Infelizmente, é necessário dizer que nos dias de hoje, neste campo, as vozes do Santo Padre e da Igreja Católica são pouco ouvidas, sobretudo nos âmbitos continentais dos países ricos e abastados, quando chegam até mesmo a ser deliberadamente silenciadas e mergulhadas na confusão e na desordem orquestradas por poderosas "lobbies" culturais, económicas e políticas, impelidas prevalecentemente pelo preconceito por tudo aquilo que é cristão. É suficiente pensar na maneira desenvolta e alegre com que as supracitadas "lobbies" promovem com tenacidade a confusão das funções na identidade do género, ridicularizam o matrimónio entre o homem e a mulher e atacam a vida, que assim se torna objecto das experiências mais absurdas. Quem termina no banco dos imputados destas mesmas "lobbies" renovadas santas inquisições, cheias de dinheiro e de arrogância são sobretudo a Igreja Católica e os cristãos, em relação aos quais todos os métodos são lícitos, se são úteis para calar a sua voz:  desde a intimidação até ao desprezo público, da discriminação cultural à marginalização. Fortalecida pelo poder que lhe advém do Senhor e da sua experiência bimilenária, a Igreja continuará a anunciar o Evangelho da salvação, pregando a plena verdade do homem contra todos os relativismos e obscurantismos do iluminismo pós-moderno.

Dos discursos do Santo Padre João Paulo II sobressai uma abordagem iluminadora daqueles direitos em relação ao próprio homem, ao próximo e a Deus, que constituem o caminho mais seguro rumo ao progresso humano. A pessoa tem direitos que se referem a si mesma, como o direito à vida e à identidade genética, que o seu ego não somente não pode tirar dos outros, mas nem sequer de si próprio. Além disso, existem direitos relativos aos outros, que são os nossos irmãos, sem qualquer exclusão. Por fim, há também os direitos que o homem tem, de poder acreditar e manifestar a sua própria fé em Deus. Trata-se do direito à liberdade religiosa. Para evitar confusões ideológicas, não se deve renunciar à dimensão transcendente dos direitos, à sua indisponibilidade, ao seu absoluto, à sua indivisibilidade, universidade e reciprocidade com os deveres.

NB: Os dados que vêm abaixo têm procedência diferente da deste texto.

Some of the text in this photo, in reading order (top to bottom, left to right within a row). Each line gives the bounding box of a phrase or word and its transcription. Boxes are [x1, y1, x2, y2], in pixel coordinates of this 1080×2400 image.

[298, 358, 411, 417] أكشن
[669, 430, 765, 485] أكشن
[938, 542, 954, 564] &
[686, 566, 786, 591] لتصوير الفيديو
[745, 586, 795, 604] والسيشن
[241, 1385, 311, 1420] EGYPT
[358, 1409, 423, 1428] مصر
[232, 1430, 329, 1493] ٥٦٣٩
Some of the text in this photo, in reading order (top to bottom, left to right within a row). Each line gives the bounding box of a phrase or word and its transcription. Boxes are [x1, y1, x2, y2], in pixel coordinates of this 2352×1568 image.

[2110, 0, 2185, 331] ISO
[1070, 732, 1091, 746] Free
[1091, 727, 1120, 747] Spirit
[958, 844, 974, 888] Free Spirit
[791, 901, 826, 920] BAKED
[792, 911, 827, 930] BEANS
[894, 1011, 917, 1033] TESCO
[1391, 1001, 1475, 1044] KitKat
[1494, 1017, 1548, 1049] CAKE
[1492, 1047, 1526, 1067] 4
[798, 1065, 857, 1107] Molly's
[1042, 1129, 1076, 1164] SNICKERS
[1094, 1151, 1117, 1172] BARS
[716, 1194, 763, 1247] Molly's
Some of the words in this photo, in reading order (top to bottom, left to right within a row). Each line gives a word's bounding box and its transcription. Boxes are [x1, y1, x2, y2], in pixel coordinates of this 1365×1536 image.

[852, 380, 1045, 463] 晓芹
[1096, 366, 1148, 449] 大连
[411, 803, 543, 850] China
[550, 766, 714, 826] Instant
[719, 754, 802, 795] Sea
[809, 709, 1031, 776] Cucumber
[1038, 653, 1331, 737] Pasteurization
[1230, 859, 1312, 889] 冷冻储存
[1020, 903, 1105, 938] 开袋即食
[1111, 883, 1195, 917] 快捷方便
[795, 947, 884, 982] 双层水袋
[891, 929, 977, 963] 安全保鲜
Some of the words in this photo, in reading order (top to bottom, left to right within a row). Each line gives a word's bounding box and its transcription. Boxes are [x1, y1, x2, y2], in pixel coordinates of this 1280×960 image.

Concluo com uma última consideração, relativa ao bonito volume que estamos a apresentar. Da leitura dos pronunciamentos do Santo Padre João Paulo II aos Diplomatas é possível haurir a urgente exortação a voltar a compor a dimensão particular e pública dos direitos. Sobretudo nas partes em que se abordam os temas ligados à promoção do direito à paz e do direito ao desenvolvimento, o Santo Padre convida toda a humanidade contemporânea a não desejar salvaguardar os seus direitos em desvantagem dos direitos das gerações vindouras; a reconhecer às grandes problemáticas éticas do nosso tempo uma dignidade pública, ou seja, a possibilidade de se tornarem objecto de um debate público racional, sem as relegar ao campo intimista da consciência individual; a reduzir o fosso entre o aumento dos direitos sofisticados das nações avançadas, até mesmo exageradamente hedonistas ou egoístas, e a grave carência na realização dos direitos fundamentais à alimentação, à água e a uma habitação, em numerosas regiões do planeta; a não exasperar o contraste entre o direito a dispor de espaços privados de liberdade e a ostentação pública de certos aspectos entre os mais íntimos dos relacionamentos humanos, bem como o controle exercido sobre eles pelas diversas estruturas políticas.

Só me resta manifestar os meus melhores votos de pleno bom êxito ao citado livro e expressar a Sua Ex.cia D. André Dupuy, inclusivamente em nome do Pontifício Conselho "Justiça e Paz" e da Fundação "Path to Peace", os meus sentimentos de gratidão e de sincero apreço por mais este esforço paciente e atento, que presta um serviço precioso aos estudiosos e a quantos desejam haurir directa e autenticamente do ensinamento deste grande Papa.